Data for this exercise:
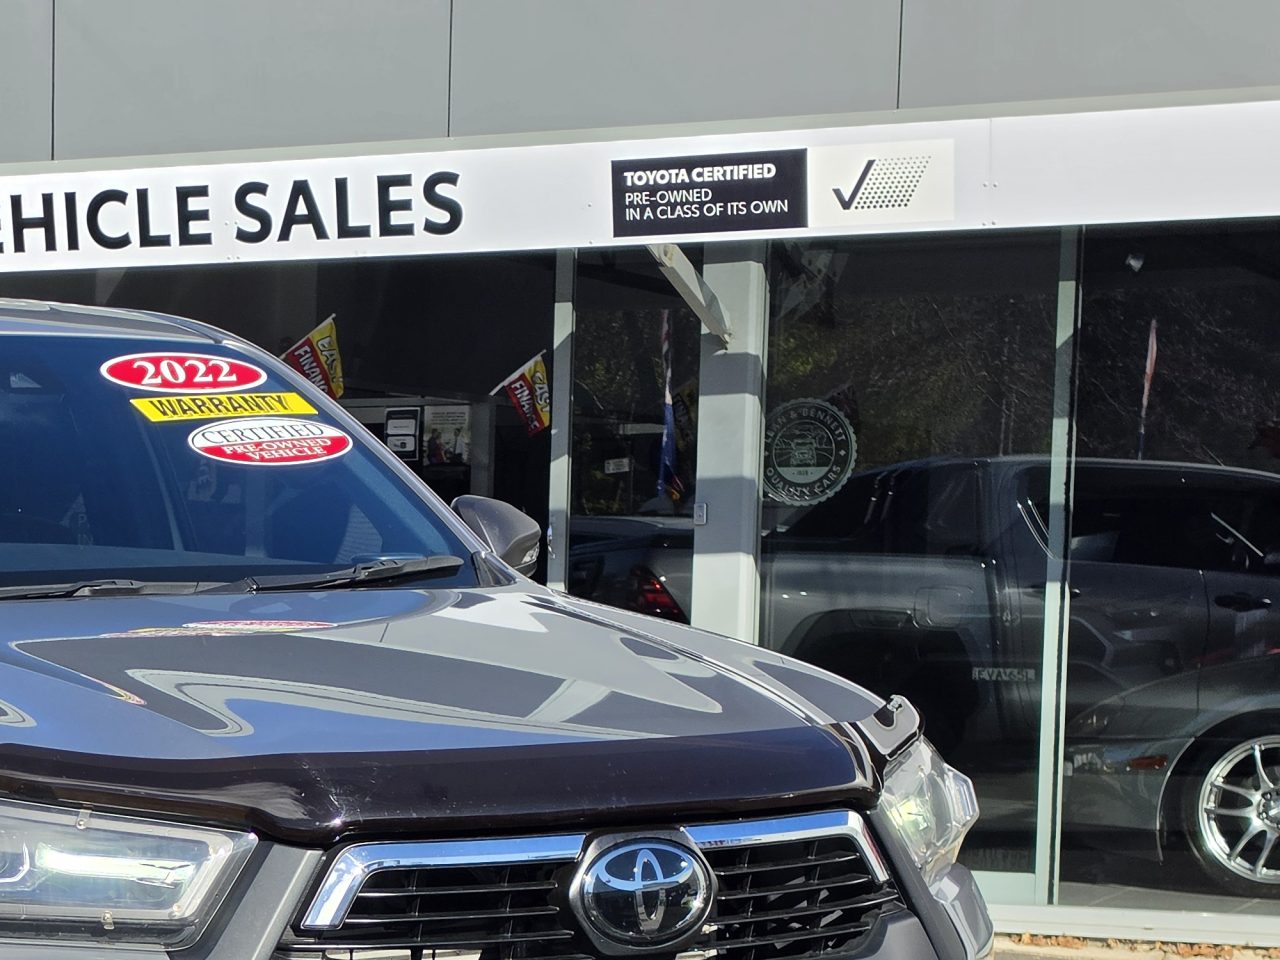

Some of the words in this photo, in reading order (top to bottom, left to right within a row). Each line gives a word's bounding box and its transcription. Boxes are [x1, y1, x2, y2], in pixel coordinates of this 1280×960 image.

[624, 169, 690, 187] TOYOTA
[692, 163, 776, 182] CERTIFIED
[232, 171, 463, 243] SALES
[625, 188, 712, 205] PRE-OWNED
[625, 207, 640, 220] IN
[643, 206, 654, 220] A
[656, 204, 700, 219] CLASS
[703, 203, 724, 217] OF
[727, 201, 748, 215] ITS
[750, 199, 788, 214] OWN
[133, 359, 237, 386] 2022
[294, 345, 329, 393] FINANC
[149, 395, 288, 417] WARRANTY
[202, 422, 323, 445] CERTIFIED
[802, 408, 847, 441] BENNETT
[221, 437, 331, 455] PRE-OWNED
[247, 445, 327, 461] VEHICLE
[815, 465, 841, 494] CARS
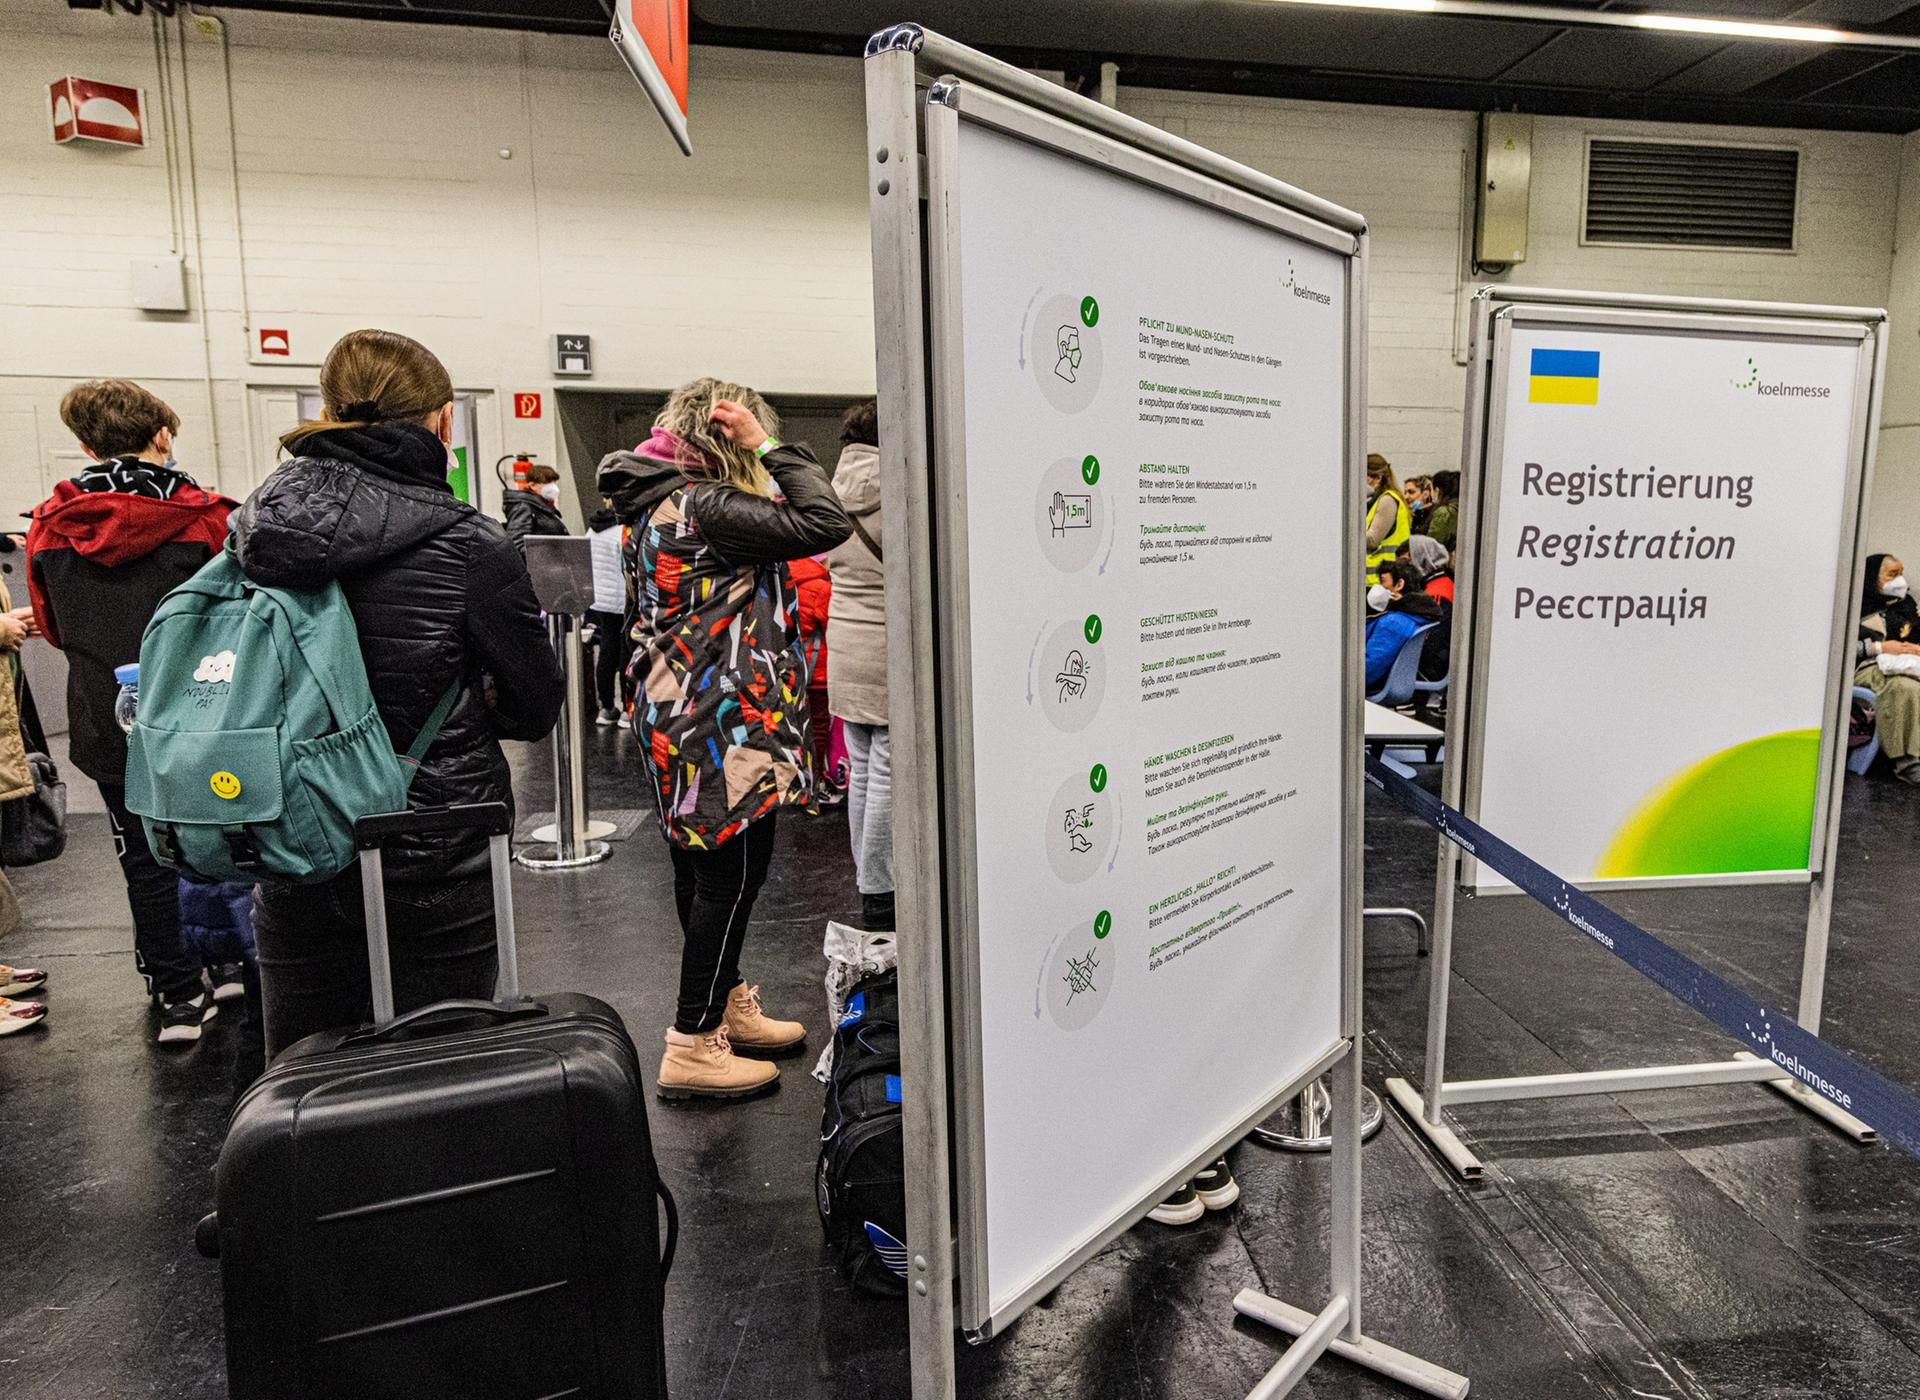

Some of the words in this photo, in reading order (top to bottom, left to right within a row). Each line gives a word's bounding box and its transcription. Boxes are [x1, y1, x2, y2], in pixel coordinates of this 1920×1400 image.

[1294, 282, 1331, 306] koelnmesse
[1139, 317, 1164, 331] PFLICHT
[1166, 322, 1174, 332] ZU
[1139, 333, 1149, 343] Das
[1151, 335, 1169, 348] Tragen
[1171, 339, 1184, 349] eines
[1186, 342, 1202, 352] Mund-
[1203, 346, 1213, 355] und
[1214, 346, 1250, 362] Nasen-Schutzes
[1251, 354, 1255, 363] in
[1256, 355, 1264, 364] den
[1148, 351, 1191, 366] vorgeschrieben.
[1757, 381, 1831, 398] koelnmesse
[1139, 464, 1166, 473] ABSTAND
[1168, 465, 1189, 474] HALTEN
[1139, 479, 1153, 489] Bitte
[1155, 479, 1174, 489] wahren
[1185, 480, 1195, 489] den
[1196, 481, 1233, 490] Mindestabstand
[1522, 463, 1753, 508] Registrierung
[1148, 495, 1170, 503] fremden
[1172, 495, 1197, 503] Personen.
[1517, 525, 1735, 566] Registration
[1514, 587, 1707, 627] Реєстрація
[1140, 613, 1174, 627] GESCHÜTZT
[1140, 632, 1154, 643] Bitte
[1156, 630, 1174, 640] husten
[1175, 628, 1185, 637] und
[1186, 626, 1202, 635] niesen
[1203, 623, 1211, 633] Sie
[1212, 622, 1216, 631] in
[1218, 621, 1227, 631] Ihre
[1144, 754, 1164, 769] HÄNDE
[1166, 748, 1192, 762] WASCHEN
[1193, 746, 1196, 754] &
[1568, 908, 1614, 950] koelnmesse
[1771, 1041, 1851, 1109] koelnmesse
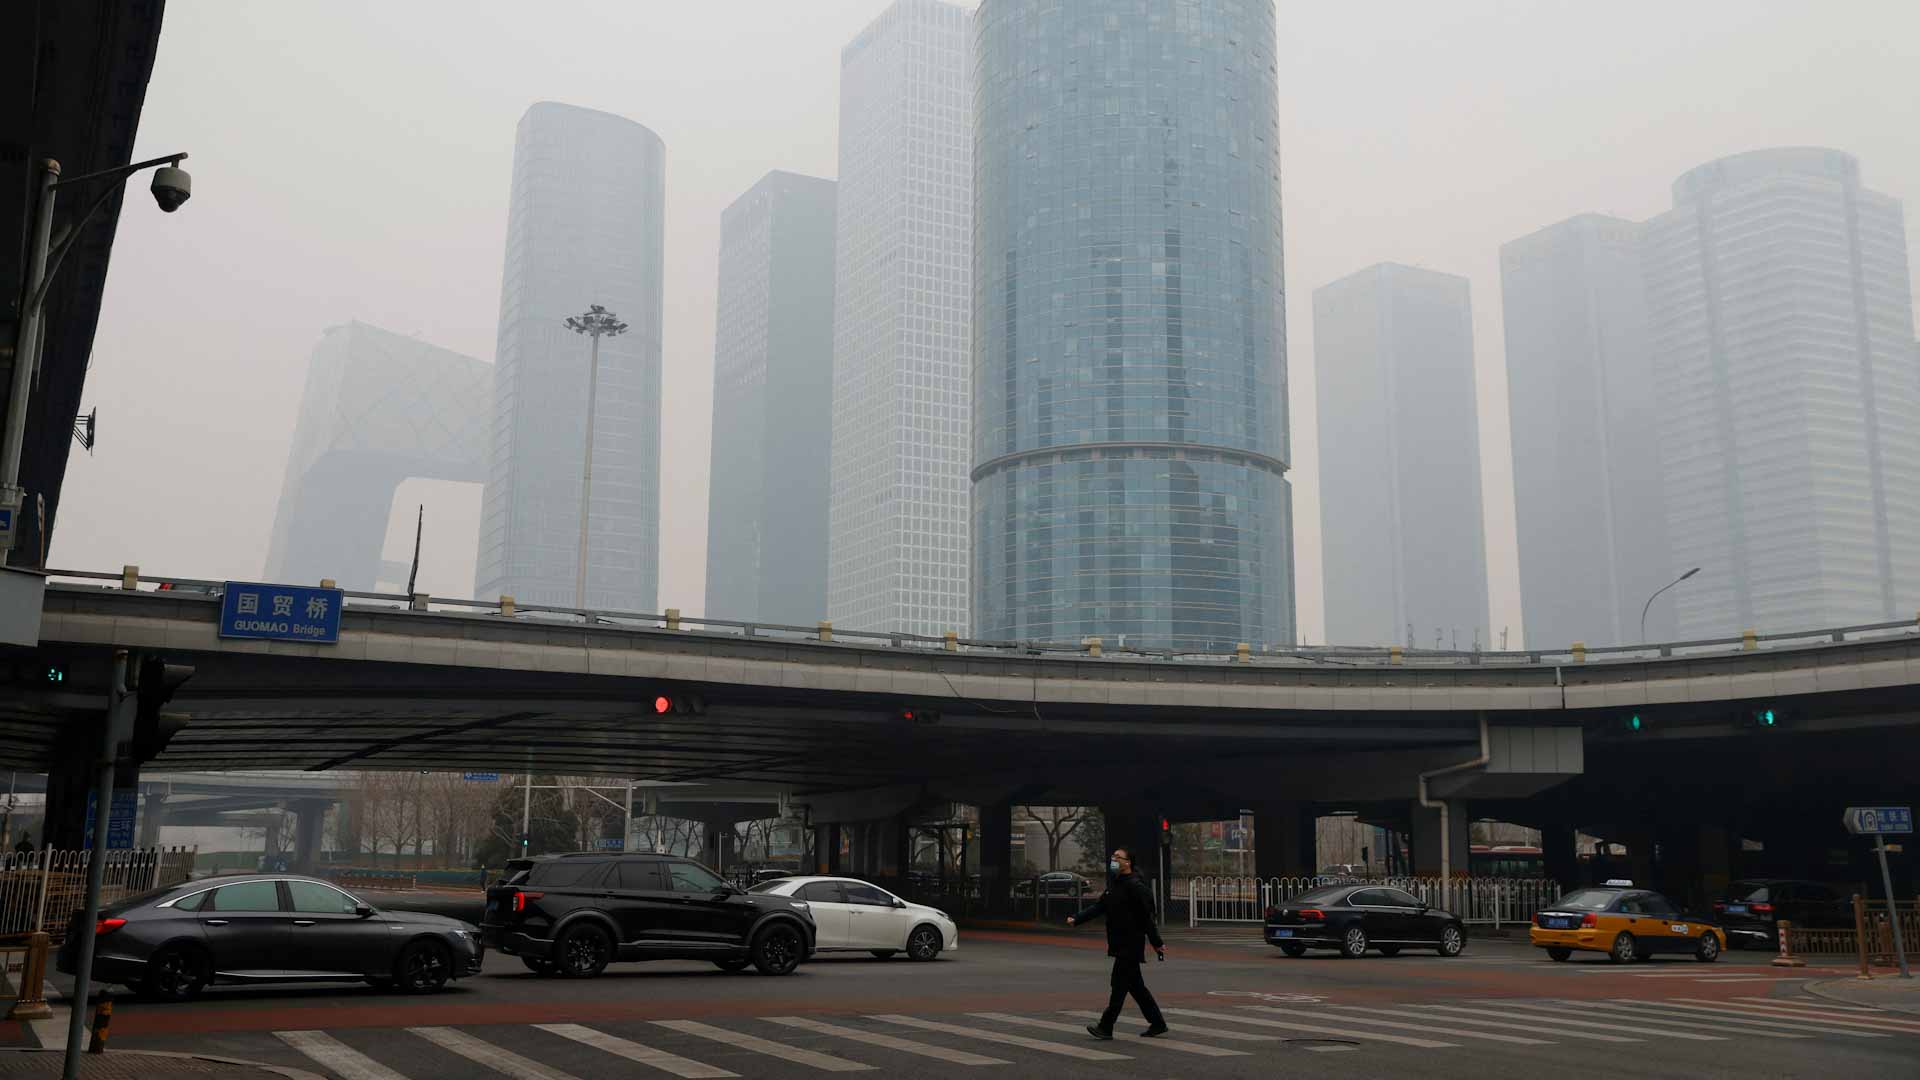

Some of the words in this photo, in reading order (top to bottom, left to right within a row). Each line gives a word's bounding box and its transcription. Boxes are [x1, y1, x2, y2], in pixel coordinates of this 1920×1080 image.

[237, 592, 329, 619] 国贸桥
[234, 620, 288, 633] GUOMAO
[293, 624, 326, 637] Bridge
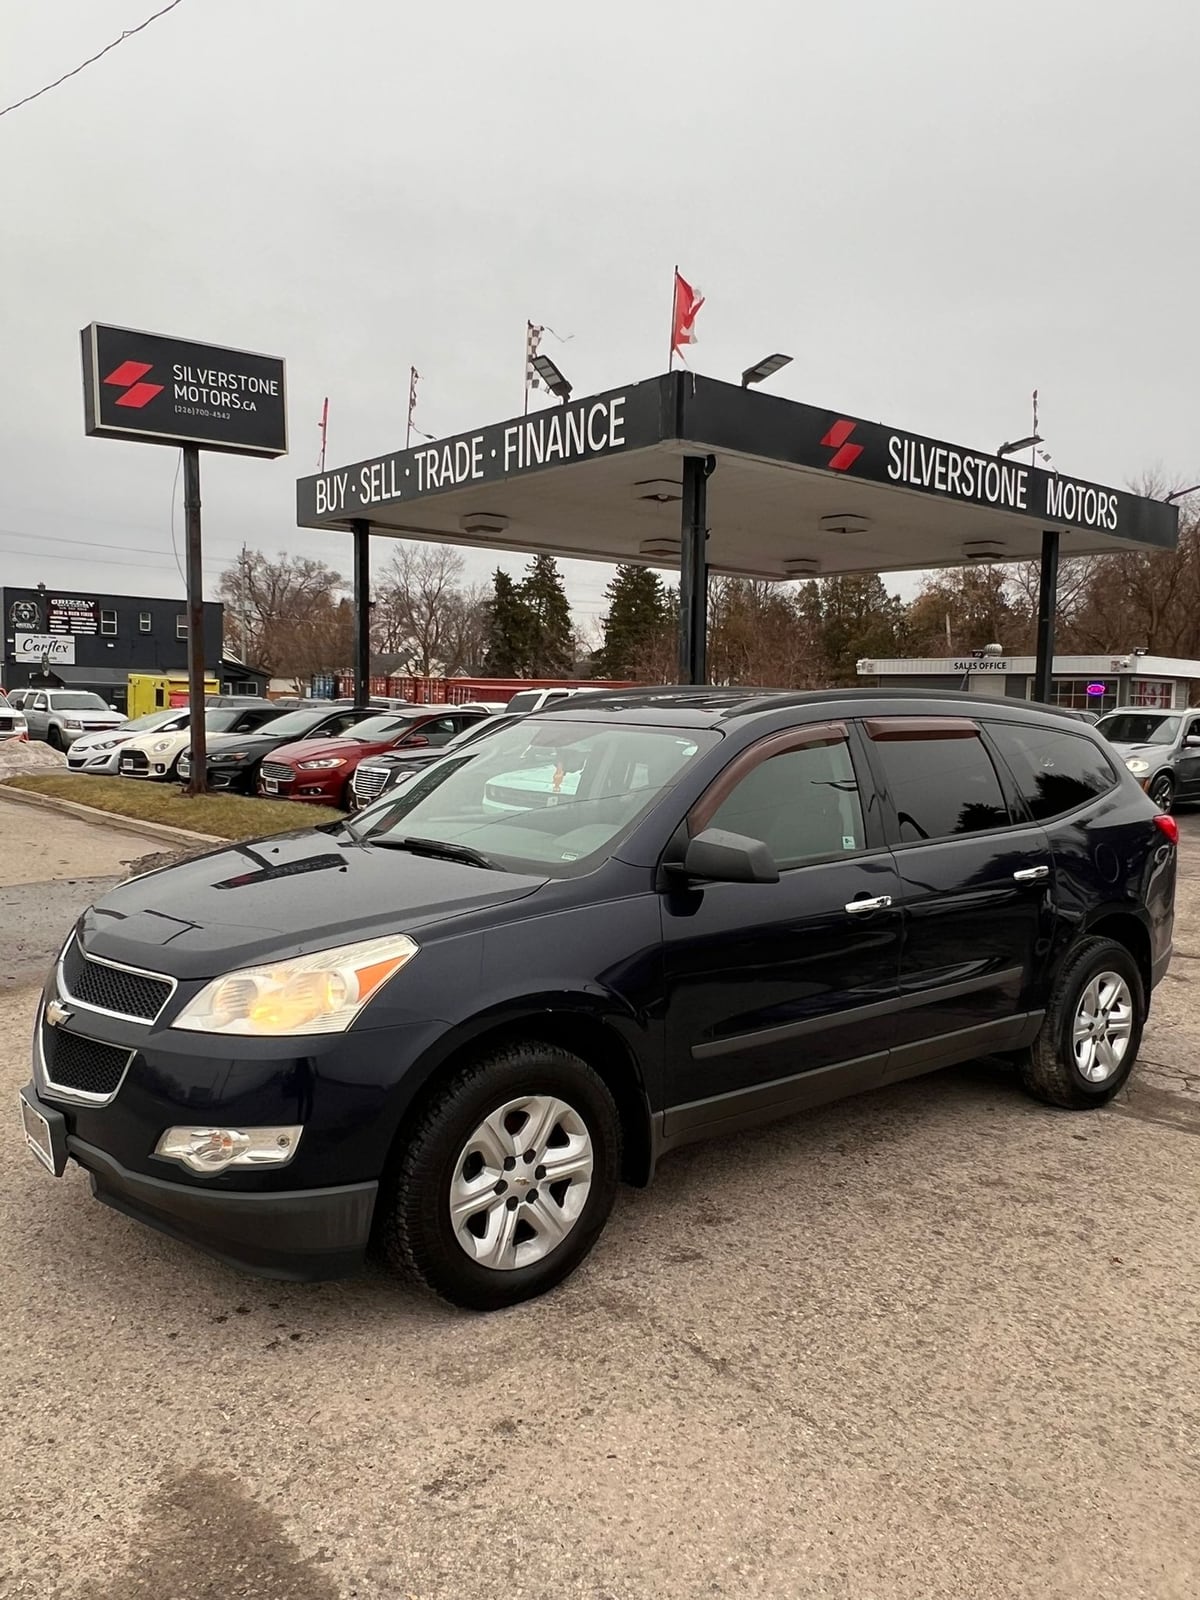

Task statement: Look above for the line containing "this 1920×1080 image.", then retype it and each line after it to the end of the records, exactly and without pictures.

Your response:
Some of the words in this photo, in reading order (top to bottom, left to right within a row). Each line gives a word's bounding box and its transcription. Boxes are [x1, y1, x2, y2], in pixel coordinates of this 1920×1080 image.

[237, 592, 329, 619] 国贸桥
[234, 620, 288, 633] GUOMAO
[293, 624, 326, 637] Bridge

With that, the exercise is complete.